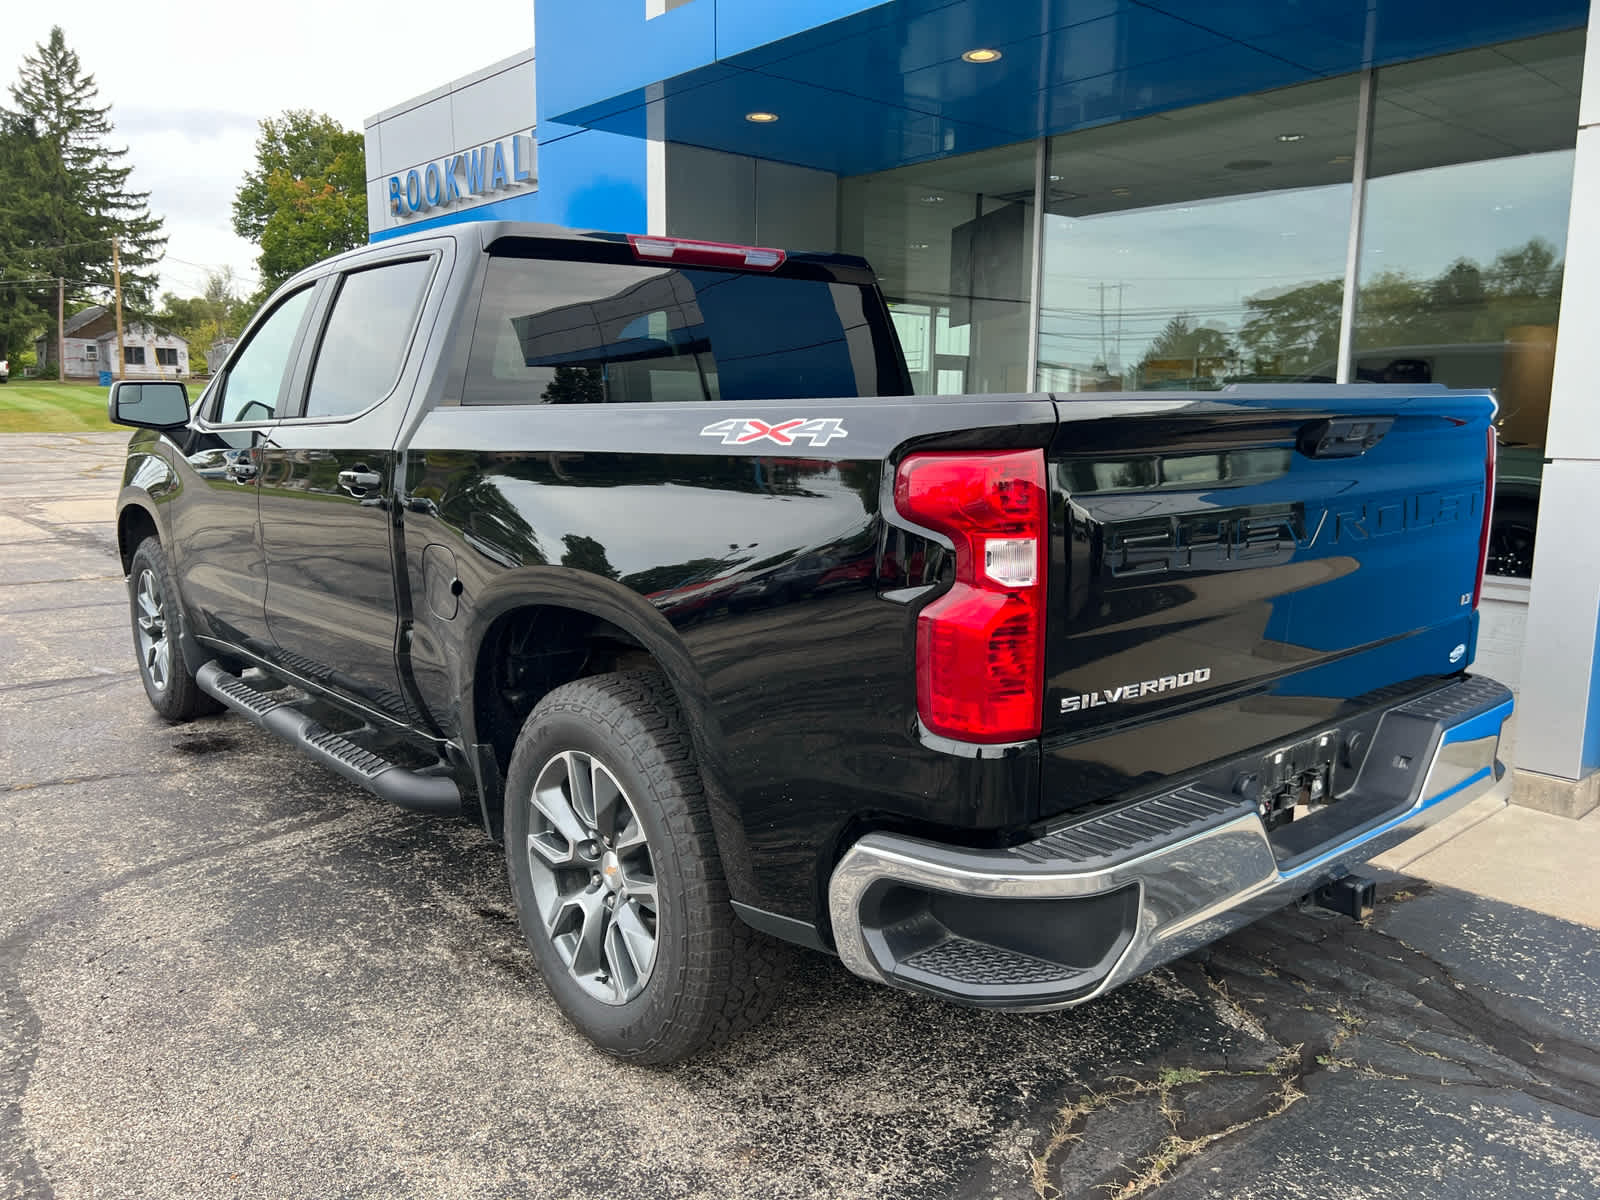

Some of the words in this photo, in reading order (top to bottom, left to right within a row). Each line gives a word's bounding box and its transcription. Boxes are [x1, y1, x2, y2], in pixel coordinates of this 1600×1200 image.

[389, 129, 537, 216] BOOKWAL
[1110, 491, 1480, 577] CHEVROLET
[1060, 668, 1211, 713] SILVERADO
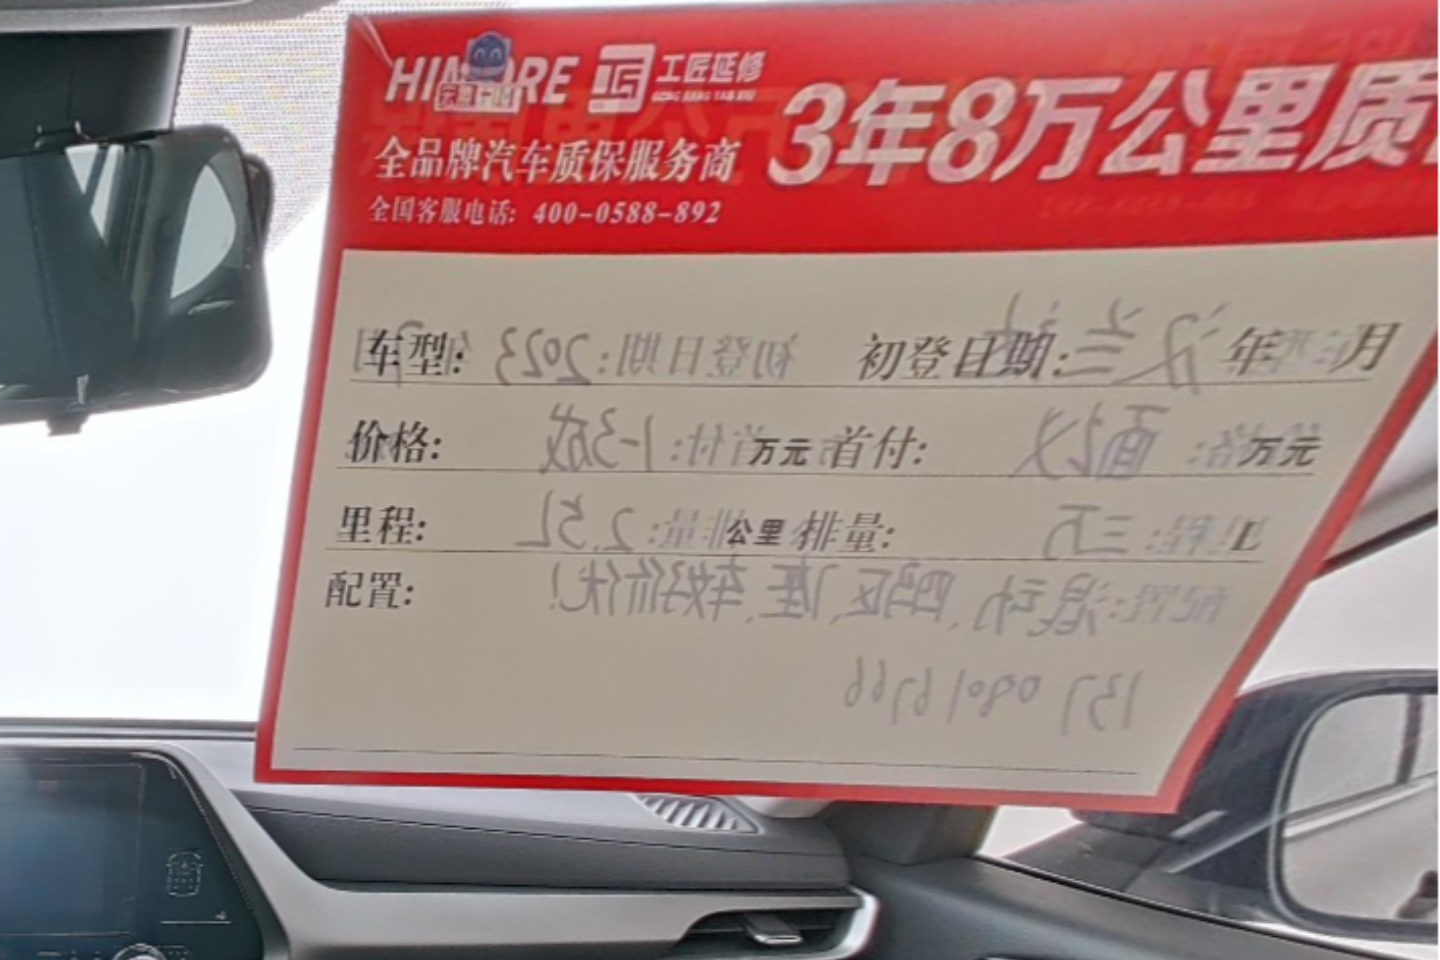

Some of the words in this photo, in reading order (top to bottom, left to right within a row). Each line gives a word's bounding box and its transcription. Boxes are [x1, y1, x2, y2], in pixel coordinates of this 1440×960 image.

[656, 49, 766, 84] 工匠延修
[766, 58, 1440, 187] 3年8万公里质
[375, 136, 742, 185] 全品牌汽车质保服务商
[533, 200, 722, 225] 400-0588-892
[362, 328, 463, 377] 车型:
[1227, 325, 1283, 377] 年
[1329, 321, 1401, 371] 月
[349, 419, 442, 466] 价格:
[747, 437, 811, 467] 万元
[828, 425, 928, 470] 首付:
[1237, 437, 1322, 468] 万元
[335, 504, 427, 545] 里程:
[726, 518, 785, 548] 公里
[798, 510, 896, 555] 排量:
[325, 570, 414, 610] 配置:
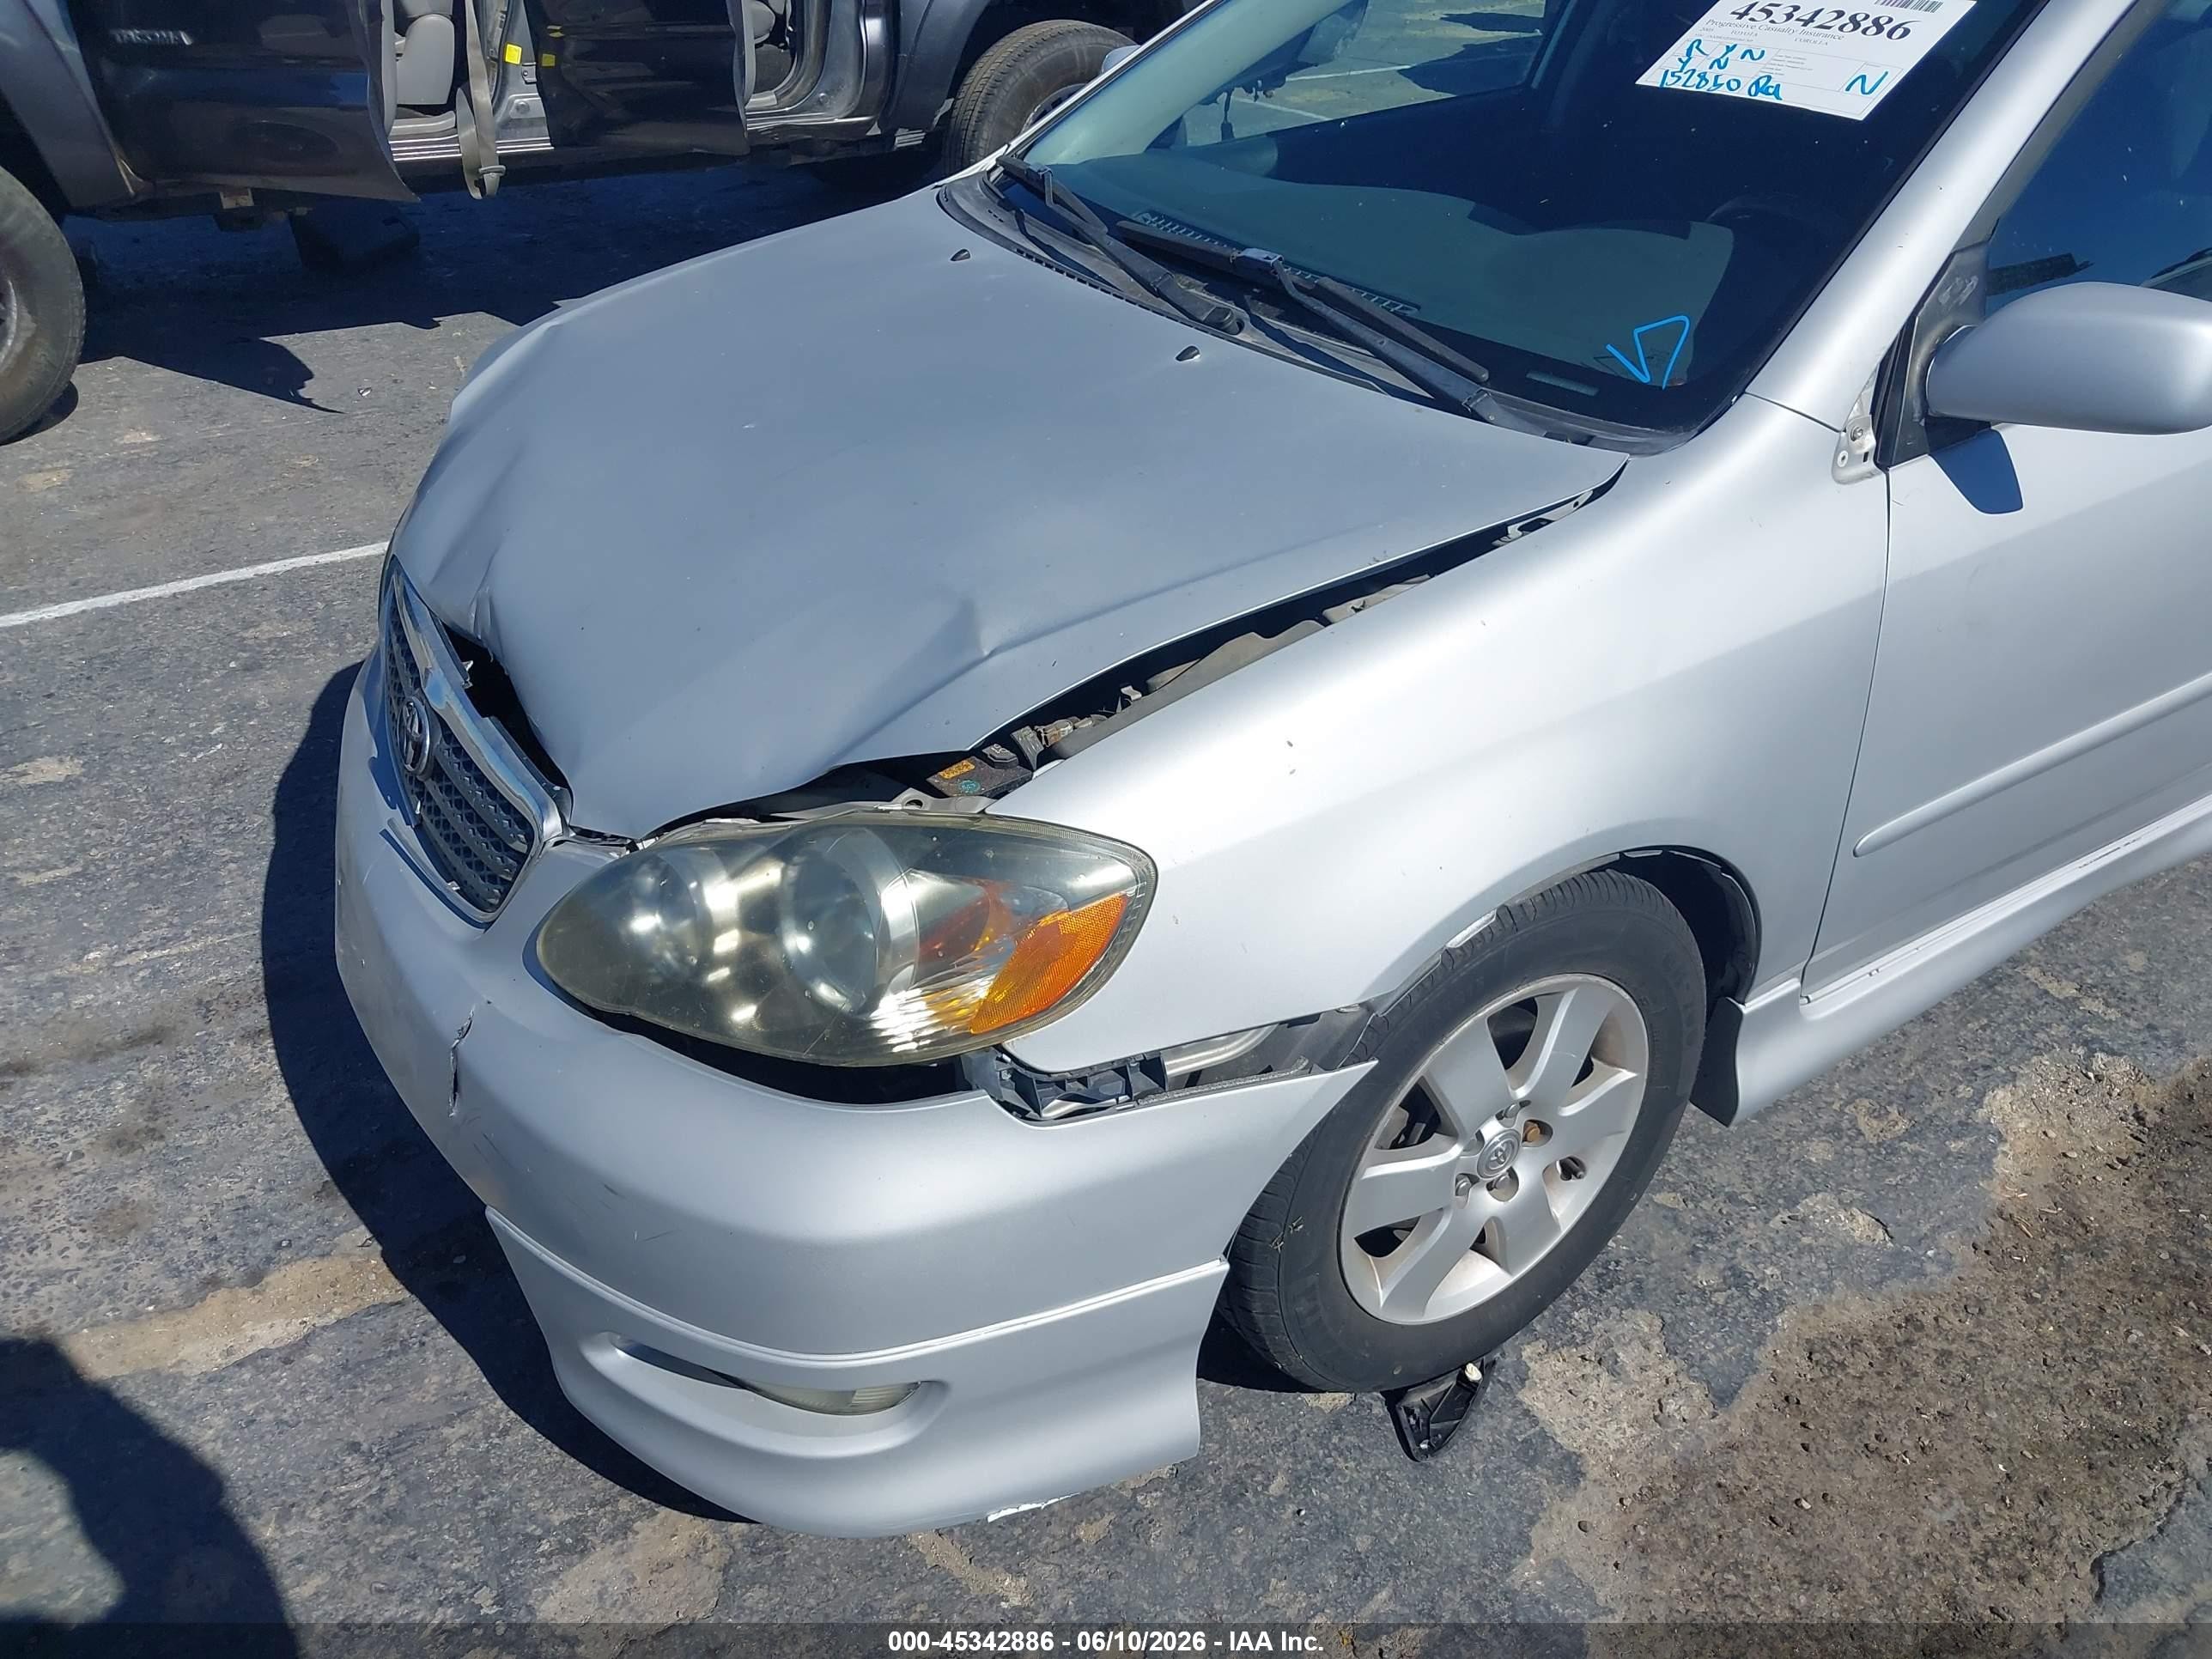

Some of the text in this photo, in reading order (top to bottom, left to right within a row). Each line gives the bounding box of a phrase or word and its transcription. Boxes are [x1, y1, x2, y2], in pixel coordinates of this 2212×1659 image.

[1706, 19, 1845, 40] Progressive Casualty Insurance
[1730, 2, 1923, 40] 45342886

****************************************

Required action: Reproduce the whole listing verbatim. Pictures stay out of the copy.

Solution to this exercise:
Some of the words in this photo, in reading order (top to bottom, left to right within a row). Each line gives a word's bounding box and its transcription. Boxes are [x1, y1, x2, y2], in pixel coordinates of this 1600×1200 image.

[389, 129, 537, 216] BOOKWAL
[1110, 491, 1480, 577] CHEVROLET
[1060, 668, 1211, 713] SILVERADO

Some of the words in this photo, in reading order (top to bottom, left to right within a row). Each line gives a word's bounding box and its transcription. Boxes are [x1, y1, x2, y2], in pixel coordinates of this 1440×960 image.

[656, 49, 766, 84] 工匠延修
[766, 58, 1440, 187] 3年8万公里质
[375, 136, 742, 185] 全品牌汽车质保服务商
[533, 200, 722, 225] 400-0588-892
[362, 328, 463, 377] 车型:
[1227, 325, 1283, 377] 年
[1329, 321, 1401, 371] 月
[349, 419, 442, 466] 价格:
[747, 437, 811, 467] 万元
[828, 425, 928, 470] 首付:
[1237, 437, 1322, 468] 万元
[335, 504, 427, 545] 里程:
[726, 518, 785, 548] 公里
[798, 510, 896, 555] 排量:
[325, 570, 414, 610] 配置:

Some of the text in this photo, in reading order (top to bottom, left to right within a row). Each line gives the bounding box of a phrase or word and its transcription. Boxes are [x1, y1, x2, y2], in pixel coordinates of this 2212×1659 image.

[1706, 19, 1845, 40] Progressive Casualty Insurance
[1730, 2, 1923, 40] 45342886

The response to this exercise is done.